- Born: Ellen Irlene Mandrell January 29, 1956 (age 70) Corpus Christi, Texas, U.S.
- Occupation: Musician
- Known for: Younger sister of Barbara and Louise Mandrell
- Notable work: Annual Irlene Mandrell Celebrity Shoot
- Spouses: ; Ric Boyer ​(div. 1992)​ ; Rob Pincus ​ ​(m. 1994; div. 2004)​ ; Patrick Holt ​(m. 2015)​
- Children: 3
- Parents: Irby Matthew Mandrell (father); Mary Ellen (née McGill) Mandrell (mother);
- Relatives: Barbara Mandrell (sister); Louise Mandrell (sister);
- Website: irlenemandrell.com

= Irlene Mandrell =

American musician (born 1956)

Ellen Irlene Mandrell (born January 29, 1956) is an American musician. She is the younger sister of country singers Barbara and Louise Mandrell.

Irlene Mandrell first rose to prominence as a model for CoverGirl, and later gained national attention when she appeared from 1980 to 1982 with her siblings on the highly rated Barbara Mandrell and the Mandrell Sisters TV variety show. Shortly after the show's cancellation, she joined the cast of Hee Haw for a number of years as one of the "Hee Haw Honeys." She also appeared on two episodes of The Love Boat, and worked as a commercial spokesperson for a wide range of products. She has also competed in auto racing.

Since the late 1990s, Mandrell has hosted the annual Irlene Mandrell Celebrity Shoot to raise money for Wish Upon a Star, Inc. and the Boy Scouts of America.

==Early life==
Ellen Irlene Mandrell was born on January 29, 1956, to Mary Ellen (née McGill; born 1931) and Irby Matthew Mandrell (October 11, 1924 – March 5, 2009) in Corpus Christi, Texas. Sister Barbara is older by seven years; Louise, by a year and a half. Irlene's mother Mary was a homemaker and musician hailing from rural Wayne County, Illinois. Her father Irby was a World War II naval veteran and Texas police officer from Garland County, Arkansas. Irby Mandrell was an accomplished musician and entrepreneur, as well. He used his impeccable social skills and knowledge of the music industry to manage all three of his daughters' careers for over three decades.
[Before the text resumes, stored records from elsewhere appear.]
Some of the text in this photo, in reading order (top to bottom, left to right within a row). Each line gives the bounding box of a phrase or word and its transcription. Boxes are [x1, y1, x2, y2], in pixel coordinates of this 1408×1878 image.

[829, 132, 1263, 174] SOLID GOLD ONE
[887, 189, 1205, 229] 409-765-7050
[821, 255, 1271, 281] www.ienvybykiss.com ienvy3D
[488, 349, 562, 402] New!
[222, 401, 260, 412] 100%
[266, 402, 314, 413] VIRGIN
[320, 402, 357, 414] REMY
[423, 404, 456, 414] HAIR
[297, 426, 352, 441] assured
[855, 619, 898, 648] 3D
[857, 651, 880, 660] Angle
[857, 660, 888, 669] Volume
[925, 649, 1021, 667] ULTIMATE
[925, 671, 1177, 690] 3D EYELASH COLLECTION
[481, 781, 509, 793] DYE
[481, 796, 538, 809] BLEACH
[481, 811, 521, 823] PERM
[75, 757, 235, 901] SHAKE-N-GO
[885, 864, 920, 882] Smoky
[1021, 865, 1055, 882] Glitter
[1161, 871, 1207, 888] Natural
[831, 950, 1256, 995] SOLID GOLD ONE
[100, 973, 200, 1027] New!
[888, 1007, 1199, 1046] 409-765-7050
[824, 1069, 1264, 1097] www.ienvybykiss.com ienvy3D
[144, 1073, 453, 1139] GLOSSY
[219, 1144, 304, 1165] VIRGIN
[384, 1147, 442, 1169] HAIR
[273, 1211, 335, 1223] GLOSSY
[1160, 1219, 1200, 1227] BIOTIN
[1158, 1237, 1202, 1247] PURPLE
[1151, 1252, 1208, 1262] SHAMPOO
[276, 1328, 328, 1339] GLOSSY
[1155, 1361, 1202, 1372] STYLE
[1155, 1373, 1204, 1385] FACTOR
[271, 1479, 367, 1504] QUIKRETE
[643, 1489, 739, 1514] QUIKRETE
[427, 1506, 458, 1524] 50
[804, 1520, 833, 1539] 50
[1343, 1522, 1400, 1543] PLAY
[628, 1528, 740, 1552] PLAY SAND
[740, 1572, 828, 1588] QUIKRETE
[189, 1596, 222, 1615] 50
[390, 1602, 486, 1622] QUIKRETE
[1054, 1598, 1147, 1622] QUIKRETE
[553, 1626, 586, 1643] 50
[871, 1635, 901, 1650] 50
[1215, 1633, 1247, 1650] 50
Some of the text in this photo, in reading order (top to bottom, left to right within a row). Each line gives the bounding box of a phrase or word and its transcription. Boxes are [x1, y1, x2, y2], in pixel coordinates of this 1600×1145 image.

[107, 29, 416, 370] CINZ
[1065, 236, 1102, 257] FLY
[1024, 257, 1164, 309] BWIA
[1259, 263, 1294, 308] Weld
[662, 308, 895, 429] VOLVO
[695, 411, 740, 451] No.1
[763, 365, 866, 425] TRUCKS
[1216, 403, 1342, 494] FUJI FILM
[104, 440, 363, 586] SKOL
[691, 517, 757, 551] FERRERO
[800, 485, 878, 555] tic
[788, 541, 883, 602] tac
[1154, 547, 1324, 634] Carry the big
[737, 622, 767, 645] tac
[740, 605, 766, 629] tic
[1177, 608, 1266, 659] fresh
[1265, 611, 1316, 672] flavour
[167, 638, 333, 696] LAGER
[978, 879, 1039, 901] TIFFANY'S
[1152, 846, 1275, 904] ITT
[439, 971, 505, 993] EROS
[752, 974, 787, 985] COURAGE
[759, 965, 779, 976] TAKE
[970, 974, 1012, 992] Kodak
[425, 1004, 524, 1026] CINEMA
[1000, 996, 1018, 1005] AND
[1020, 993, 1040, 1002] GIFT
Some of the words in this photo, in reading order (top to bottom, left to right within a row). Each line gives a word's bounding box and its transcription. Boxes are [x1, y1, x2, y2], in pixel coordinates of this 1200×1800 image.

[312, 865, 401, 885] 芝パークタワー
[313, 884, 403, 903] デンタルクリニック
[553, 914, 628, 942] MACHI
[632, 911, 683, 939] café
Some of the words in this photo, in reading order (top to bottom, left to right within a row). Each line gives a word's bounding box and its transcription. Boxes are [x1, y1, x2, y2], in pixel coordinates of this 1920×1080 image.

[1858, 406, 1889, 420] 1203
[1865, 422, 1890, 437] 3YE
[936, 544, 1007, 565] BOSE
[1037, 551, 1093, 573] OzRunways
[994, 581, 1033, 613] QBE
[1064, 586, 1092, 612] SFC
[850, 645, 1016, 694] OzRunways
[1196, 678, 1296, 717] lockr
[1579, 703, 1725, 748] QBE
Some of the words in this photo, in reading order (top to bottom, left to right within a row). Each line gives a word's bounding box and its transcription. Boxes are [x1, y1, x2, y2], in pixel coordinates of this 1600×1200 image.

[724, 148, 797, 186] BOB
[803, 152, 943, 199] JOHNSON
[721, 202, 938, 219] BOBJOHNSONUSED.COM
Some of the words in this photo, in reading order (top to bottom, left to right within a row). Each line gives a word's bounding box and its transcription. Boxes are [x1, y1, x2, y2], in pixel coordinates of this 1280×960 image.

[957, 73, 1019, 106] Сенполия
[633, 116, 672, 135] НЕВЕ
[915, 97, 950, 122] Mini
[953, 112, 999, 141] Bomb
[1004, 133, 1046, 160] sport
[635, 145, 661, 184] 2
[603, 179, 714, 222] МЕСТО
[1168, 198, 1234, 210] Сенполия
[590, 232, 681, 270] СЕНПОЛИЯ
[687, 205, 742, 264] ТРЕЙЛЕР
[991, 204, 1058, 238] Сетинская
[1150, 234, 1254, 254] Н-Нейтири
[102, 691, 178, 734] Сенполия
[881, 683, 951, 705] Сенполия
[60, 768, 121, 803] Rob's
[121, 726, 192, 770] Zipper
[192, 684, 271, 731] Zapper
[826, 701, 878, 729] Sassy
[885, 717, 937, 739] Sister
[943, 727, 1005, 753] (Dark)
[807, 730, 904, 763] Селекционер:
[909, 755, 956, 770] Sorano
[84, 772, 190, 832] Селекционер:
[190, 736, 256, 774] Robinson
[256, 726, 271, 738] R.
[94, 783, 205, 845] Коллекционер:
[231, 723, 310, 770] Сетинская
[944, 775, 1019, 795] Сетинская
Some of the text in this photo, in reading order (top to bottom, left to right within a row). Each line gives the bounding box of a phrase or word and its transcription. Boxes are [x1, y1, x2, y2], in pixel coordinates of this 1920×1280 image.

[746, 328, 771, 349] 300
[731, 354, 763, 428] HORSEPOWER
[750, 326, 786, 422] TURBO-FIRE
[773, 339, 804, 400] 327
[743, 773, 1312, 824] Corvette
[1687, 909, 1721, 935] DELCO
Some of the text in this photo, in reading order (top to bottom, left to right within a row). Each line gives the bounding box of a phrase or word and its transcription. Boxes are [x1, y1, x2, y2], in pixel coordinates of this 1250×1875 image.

Mandrell's early life started off much like her older sisters'. Her family was always musical; her parents came from a musical background. She played the drums as one of the first members of Barbara's band, The Do Rites; she is one of the first commercially significant female drummers. She also played vibraphone and mandolin.

==Career==
She appeared from 1980 to 1982 with her siblings on the successful Barbara Mandrell and the Mandrell Sisters television variety show. The show had 40 million viewers weekly and was the last successful American primetime TV variety show. Mandrell captured two awards for Comedy Act of the Year from Music City News and later sought opportunities in film, television, and video. Her many fans followed her talents as she joined the cast of Hee Haw, where she had an eight-year run (1983–1991) as one of the "Hee Haw Honeys". Irlene has also made appearances on other television shows, including The Love Boat, The Oprah Winfrey Show, The Tonight Show Starring Johnny Carson, The Mike Douglas Show, and many game shows. She appeared as a celebrity panelist on Password Plus in 1981 and Match Game in 1982.

She co-hosted Bright Lights & Country Nights and This Week in Country Music, and televised benefits with names such as George Lindsey, Bob Hope, and Sammy Davis Jr. Mandrell has been a model for several companies, including Cover Girl shoes, Lanne Skin Care products, and 9West shoes.

On May 23, 2015, Irlene released her first single, "We Will Stand", which went to number 1 on the Indie charts.

==Personal life==
Mandrell was married to Ric Boyer, whom she divorced in 1992. They have two children. She married Rob Pincus in 1994, with whom she has one child, Christina Mandrell (Christina appeared on “The Bachelor” franchise, where she became engaged after meeting her fiancé Brayden Bowers off-screen). Irlene Mandrell and Pincus were divorced in 2004. In 2015, she married musician Patrick Holt.

She is an accomplished hunter. She has hunted North America extensively (in the U.S. and Mexico) and has taken hunting trips to South America and Africa. Mandrell is proficient with handguns, shotguns, rifles, and crossbows. She is competitive in many sporting events, including as a race car driver. The Irlene Mandrell Celebrity Shoot raises a large amount of money for Wish Upon A Star and the Boy Scouts.

As of 2012, Irlene Mandrell is a celebrity spokesperson for several companies, such as CZ-USA, She Safari, Horton Crossbows, DRT Ammo, Wild Ride Beef Jerky, and Deerassic Park. She has appeared on several outdoor shows, and was featured in "Irlene Mandrell: Straight Shooter", a segment on PBS's Tennessee's Wildside.